No, least squares regression can't be written as a linear program because the squared error is nonlinear w.r.t. the parameters. But, some least squares regression problems can be written as quadratic programs.
Linear programming
Linear programs have the form:
$$\underset{\theta}{\min} \ c^T \theta
\quad \text{s.t.} \
\begin{array}[t]{l}
G \theta \le h \\
A \theta = b
\end{array}$$
where $\theta$ is the parameter vector, and the other vectors (in lower case) and matrices (in upper case) are given.

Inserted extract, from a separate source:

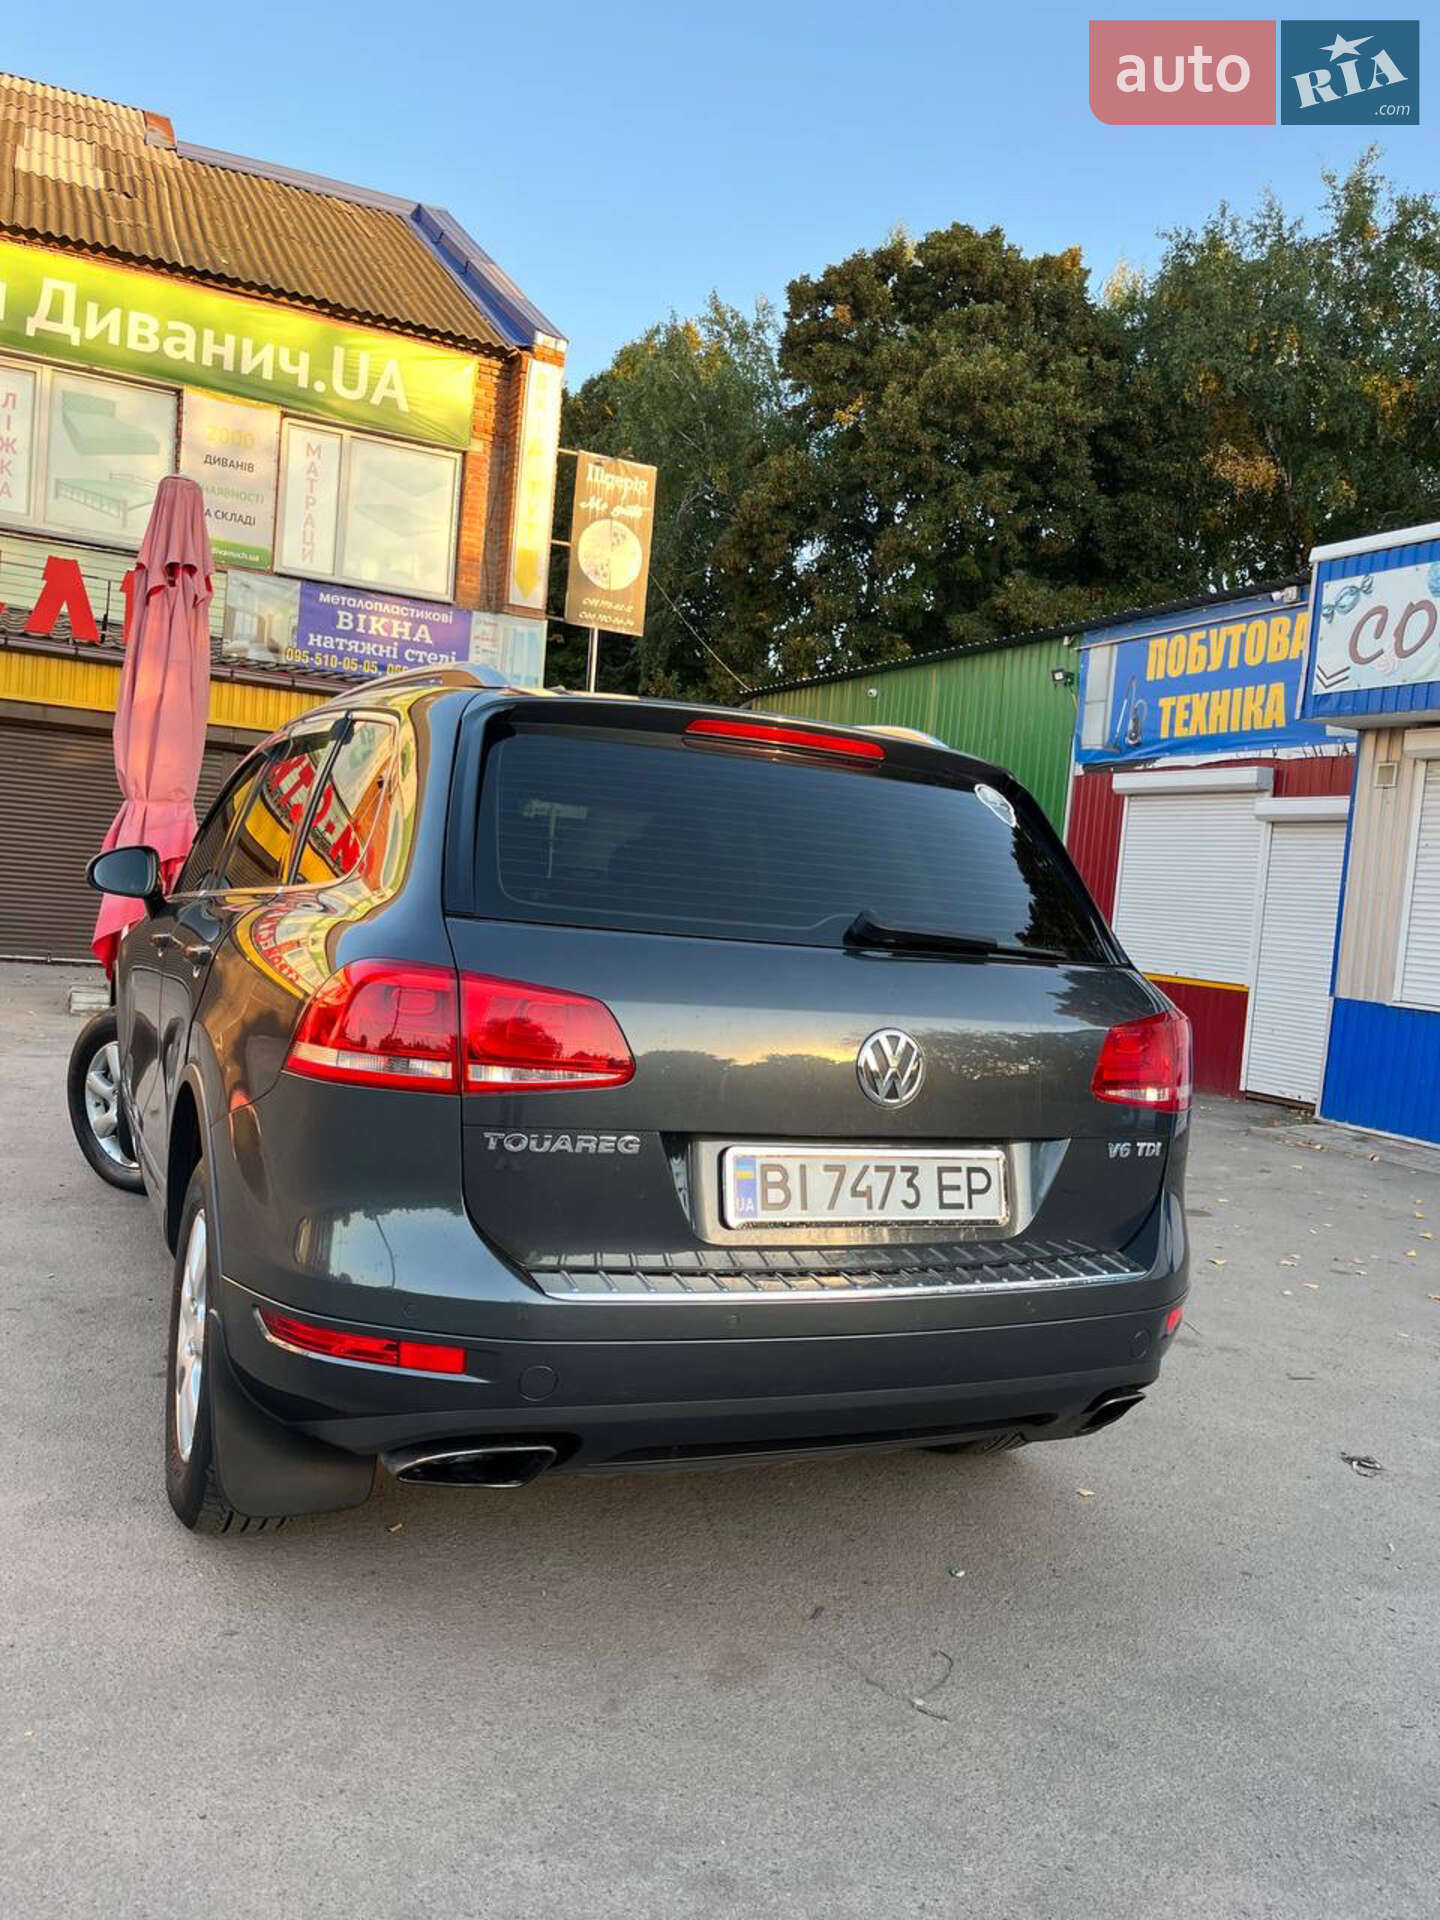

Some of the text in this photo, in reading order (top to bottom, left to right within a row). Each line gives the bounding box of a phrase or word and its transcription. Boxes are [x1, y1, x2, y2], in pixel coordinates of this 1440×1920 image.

Notice that the objective function and constraints$^1$ are both linear w.r.t. the parameters.
Least squares
In contrast, the ordinary least squares (OLS) regression problem is:
$$\min_\theta \ \sum_{i=1}^n (y_i - x_i^T \theta)^2$$
$$= \min_\theta \ (y - X \theta)^T (y - X \theta)$$
where $\theta$ is the parameter vector, $y = [y_1, \dots, y_n]^T$ is the response vector and $X$ is the design matrix, containing points $\{x_1, \dots, x_n\}$ on the rows.

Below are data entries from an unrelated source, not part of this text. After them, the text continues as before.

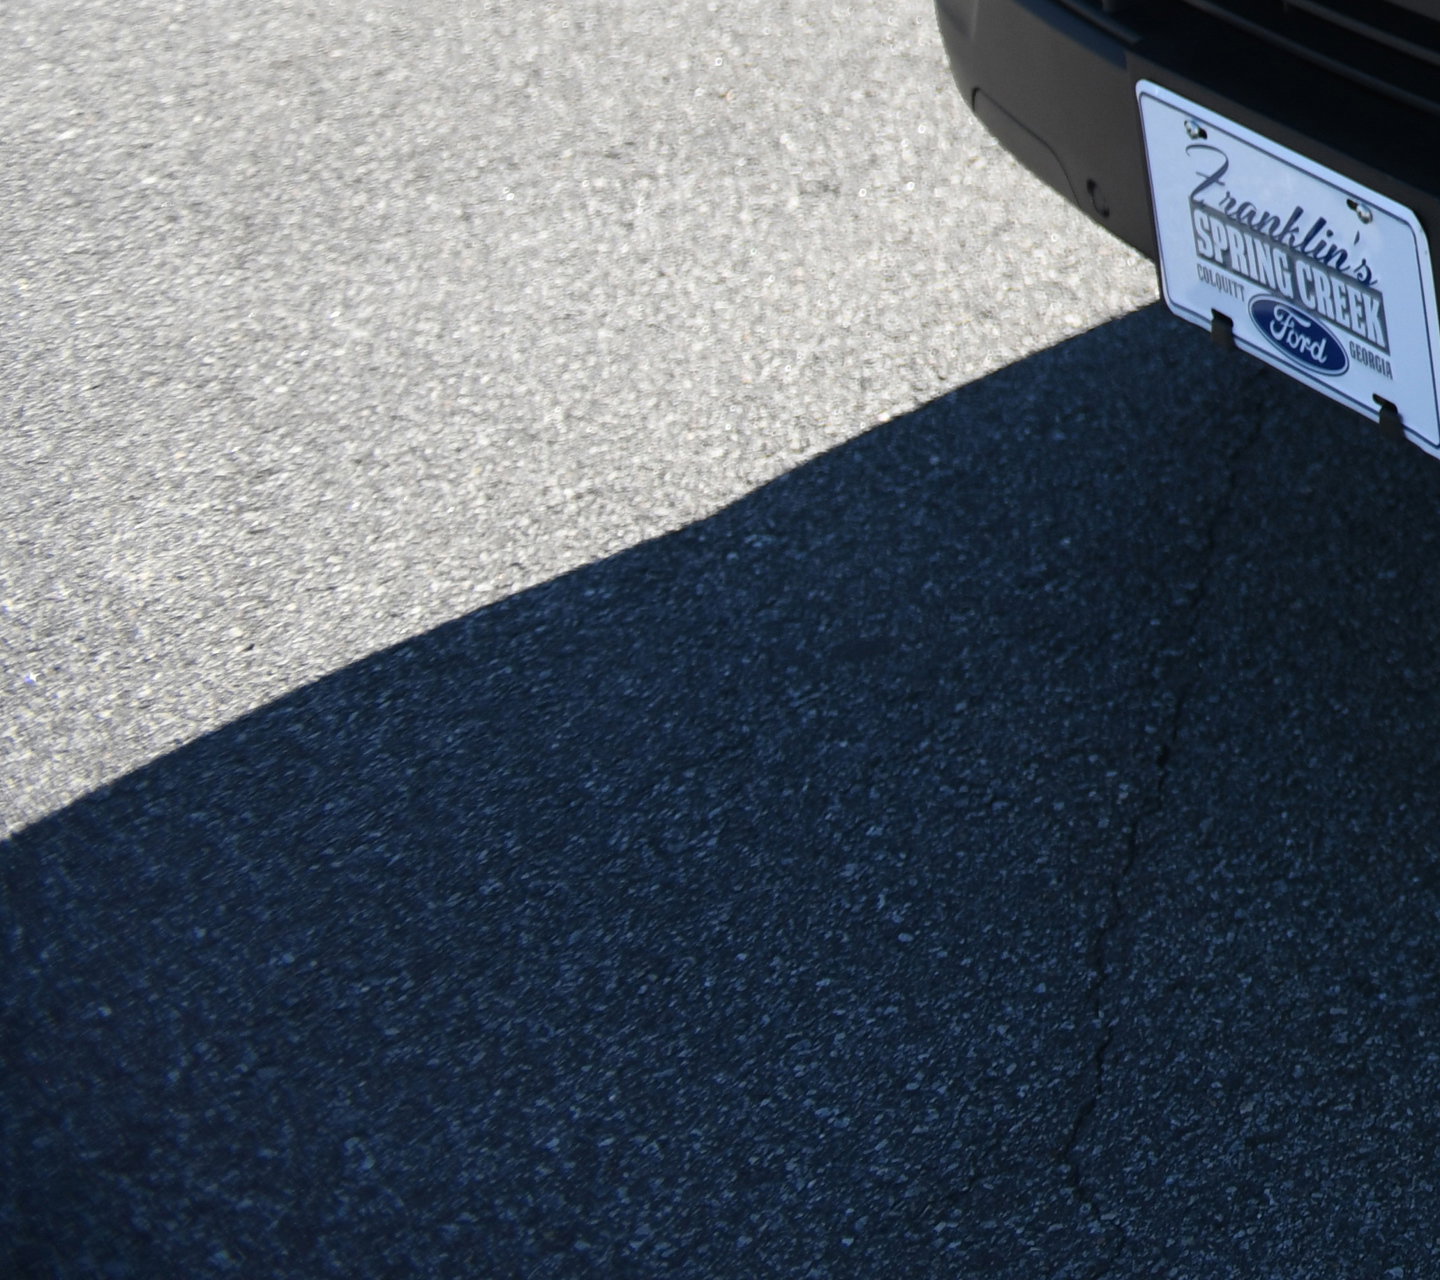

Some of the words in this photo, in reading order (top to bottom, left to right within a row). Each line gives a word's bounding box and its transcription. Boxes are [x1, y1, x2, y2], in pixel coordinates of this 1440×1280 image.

[1185, 142, 1378, 288] Franklin's
[1193, 209, 1294, 300] SPRING
[1295, 259, 1388, 352] CREEK
[1197, 263, 1245, 302] COLQUITT
[1269, 303, 1328, 364] Ford
[1349, 340, 1393, 381] GEORGIA

Notice that this is an unconstrained problem with a quadratic objective function. Linear programming won't work here because it requires a linear objective function, as above. The same argument applies to other forms of regression using the squared error---the objective function is generally nonlinear w.r.t. the parameters.
Quadratic programming
Rather, the OLS problem is a special case of quadratic program. Quadratic programs have a quadratic objective function and linear constraints:
$$\min_\theta \ \theta^T P \theta + q^T \theta
\quad \text{s.t. } \
\begin{array}[t]{l}
G \theta \le h \\
A \theta = b
\end{array}$$
OLS corresponds to setting $P = X^T X$ and $q = -2 X^T y$, and using no constraints$^2$. Certain regularized linear regression problems (e.g. lasso and ridge regression) can also be expressed as quadratic programs. But, not all least squares regression problems can be written this way, because they might involve non-quadratic objective functions$^3$ or nonlinear constraints.
$^1$ Bound constraints ($l \le \theta \le u$) can also be written in the form of linear inequality constraints.
$^2$ To see this for yourself, expand out the OLS objective function and drop constant terms.
$^3$ E.g. consider fitting an exponential curve $\hat{f}(x) = \theta_0 \exp(\theta_1 \cdot x)$ using least squares.